Lembro que meu corpo congelava, congelava, e eu tremia, tremia muito. Eu sentia dentro de mim a certeza da morte. E o maior medo do mundo, eu me pelava de medo. Sentia que era chegada a minha vez, era a hora de "descobrir", como disse um personagem de Mastroianni num filme de Zurlini. Partilhar a experiência da morte? Como? Com que linguagem? Impossível. Isso especulava Borges, enquanto que na minha infância mãe respondia me contando aquela história das duas comadres que combinaram contar como é lá quando uma delas morrer. Uma morre primeiro e vem contar como é lá; mas apenas diz: "Lá é lá, cá é cá". Portanto, mãe antecedeu Borges nas minhas leituras, ao me relatar esse causo: não há como partilhar essa experiência, pois ainda não morremos; e mesmo morrendo, acredito, também não contaremos, faremos como a comadre da história. Não há como partilhar o incognoscível. Eu sabia disso na cama daquele hospital, tremendo igual a uma vara verde, e congelando, congelando por dentro. Mãe perto de mim, forte, séria, pegando em minha mão, perguntava ao médico por que eu tremia, por que meu corpo estava todo frio. Mas o médico era longínquo e não respondeu nada. "Mas o que é que eu tenho?" Eu perguntava, nervosa e chorando... "Eu estou congelando por dentro, eu vou morrer". Enquanto isso, o médico escrevia numa receita azul, friamente, como geladeira ligada no máximo. Eu disse, chorando, de novo que estava morrendo, fiz um testamento oral para mãe, e o médico mandou me botarem no balão de oxigênio. Pensei "é o fim mesmo", pois toda vez que alguém em Andaraí vai para o balão de oxigênio é difícil voltar. Esperei a Passagem, mas pedi ajuda a muitos espíritos, pedi para adiarem o dia, a data, o momento. Passei três horas nesse transe de ir ou não ir, viver ou morrer. Mãe firme, segurando minha mão, rezando para seus santos que nunca lhe faltaram: São Cosme e São Damião.
Não sei porque estou relatando, em detalhes, isso aqui. Talvez por conta de uma sensação imensa de solidão; essa solidão de saber-se vivo, sempre temporariamente, sempre temporariamente.

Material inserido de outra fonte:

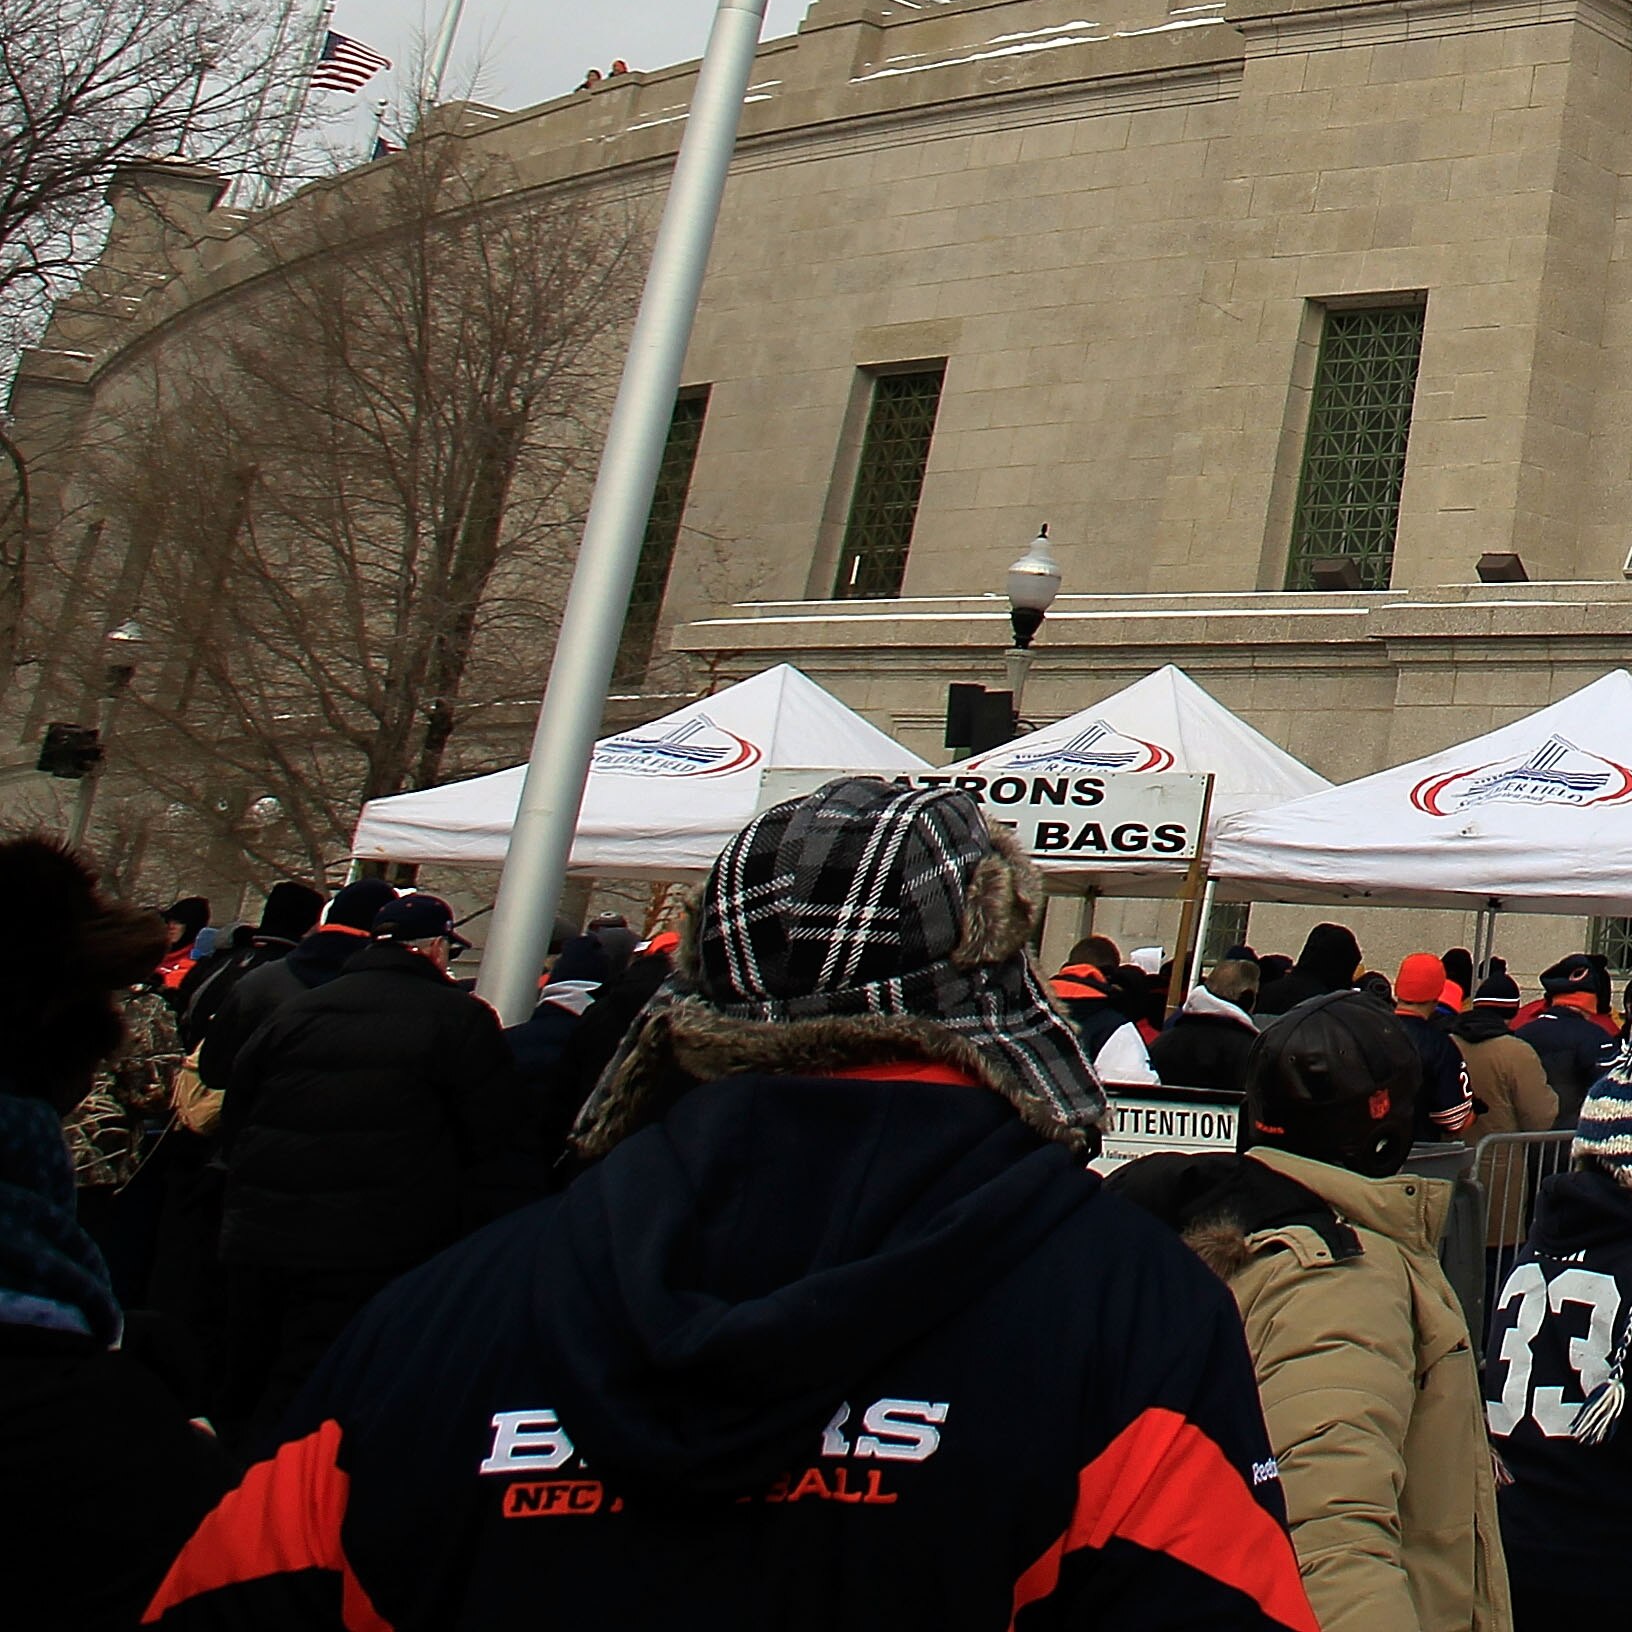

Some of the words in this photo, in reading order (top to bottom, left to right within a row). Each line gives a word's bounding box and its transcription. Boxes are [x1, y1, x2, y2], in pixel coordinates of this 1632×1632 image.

[1034, 822, 1187, 853] BAGS
[1108, 1106, 1232, 1140] TTENTION
[1485, 1262, 1622, 1437] 33
[510, 1483, 599, 1514] NFC
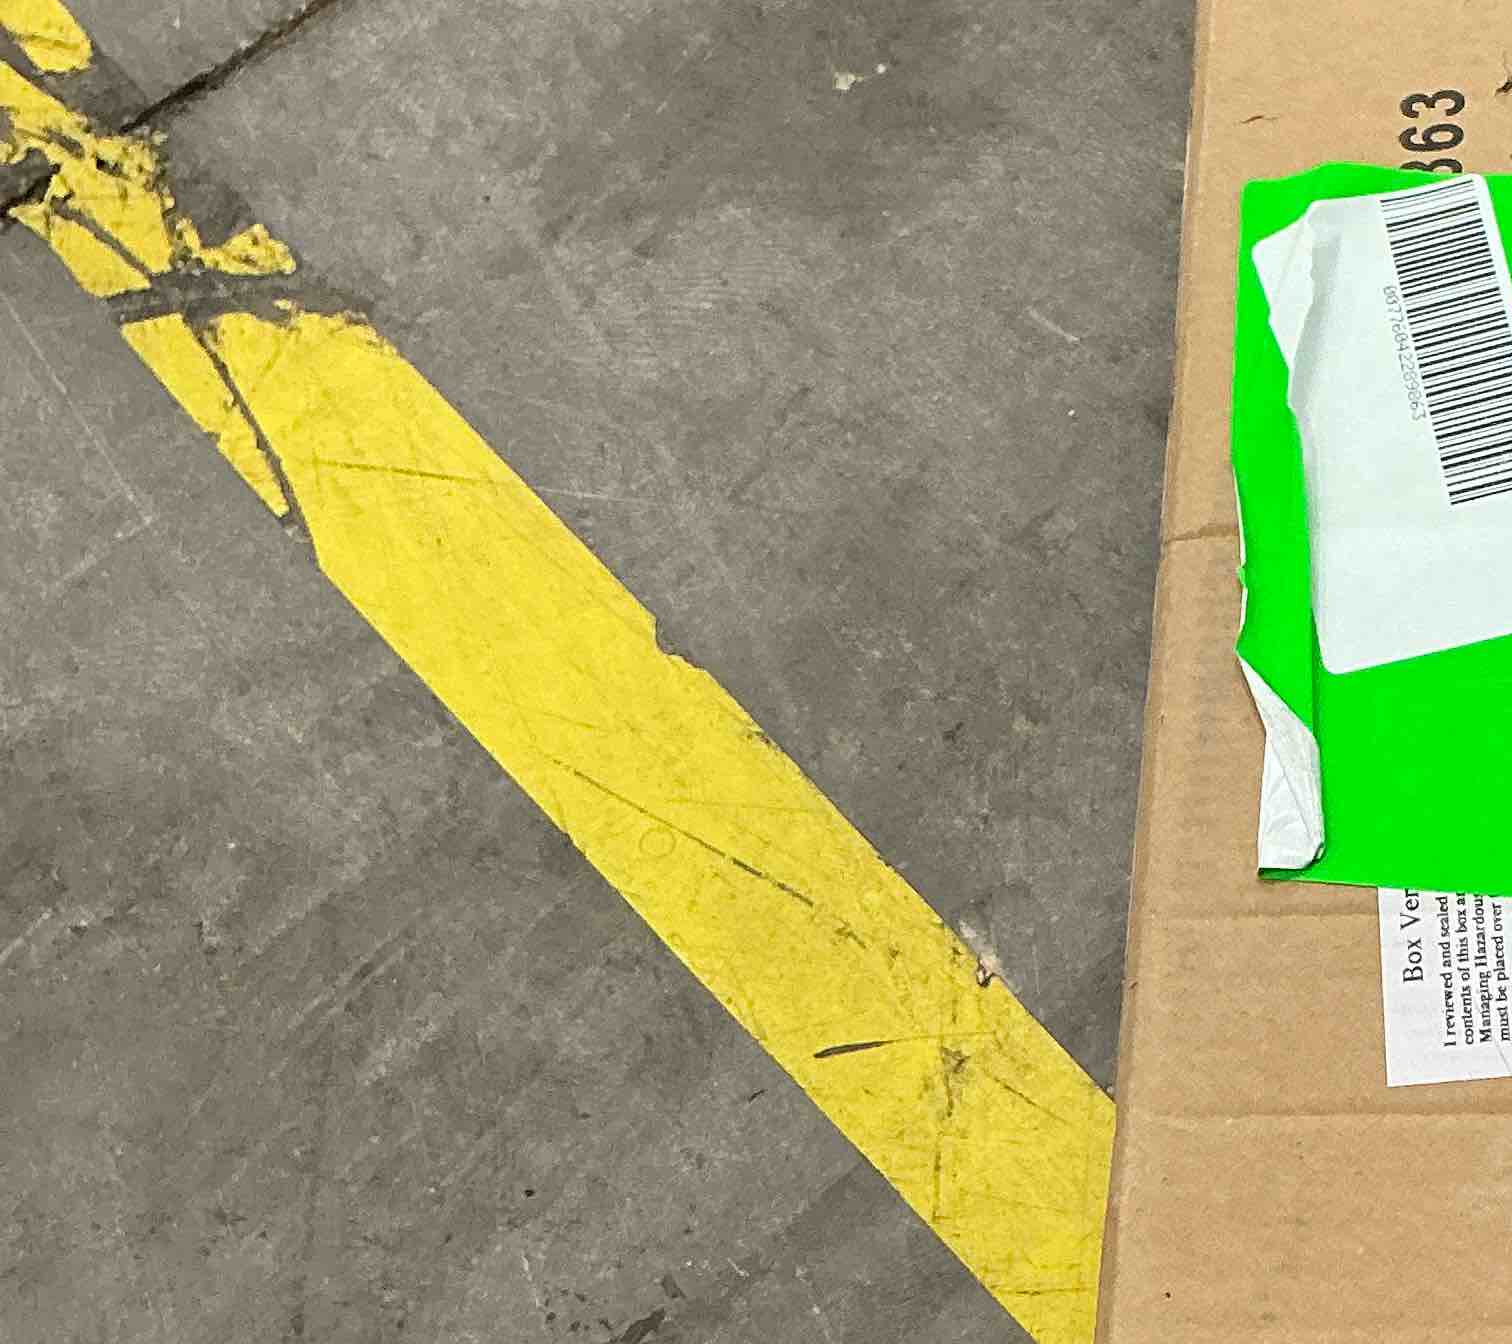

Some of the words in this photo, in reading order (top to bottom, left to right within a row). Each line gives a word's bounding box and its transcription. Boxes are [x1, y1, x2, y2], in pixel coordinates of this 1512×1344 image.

sexta-feira, 1 de março de 2013

poesia voando

Nada pior de que um poeta desinspirado. Quando a poesia não lhe procura, deixe-a em paz, não fique correndo atrás dela, mendigando verso. Espere a hora certa, ela vai chegar, ela vai tocar você, na maioria das vezes quando você nem espera. Por isso ande sempre com um papel: a Poesia não tem tempo a perder, não vai esperar você correr atrás de um papel e de uma caneta, ela tem pressa, é fugaz, etérea, quase imperceptível: voa no ar. Poesia é presença fina. Descortina-se em ventos invisíveis, toca-lhe a alma, lhe deixa embrigado, e vai embora. Só Deus sabe quando ela voltará. Não seja ansioso, espere; pois que não há nada pior de que um poeta desinspirado.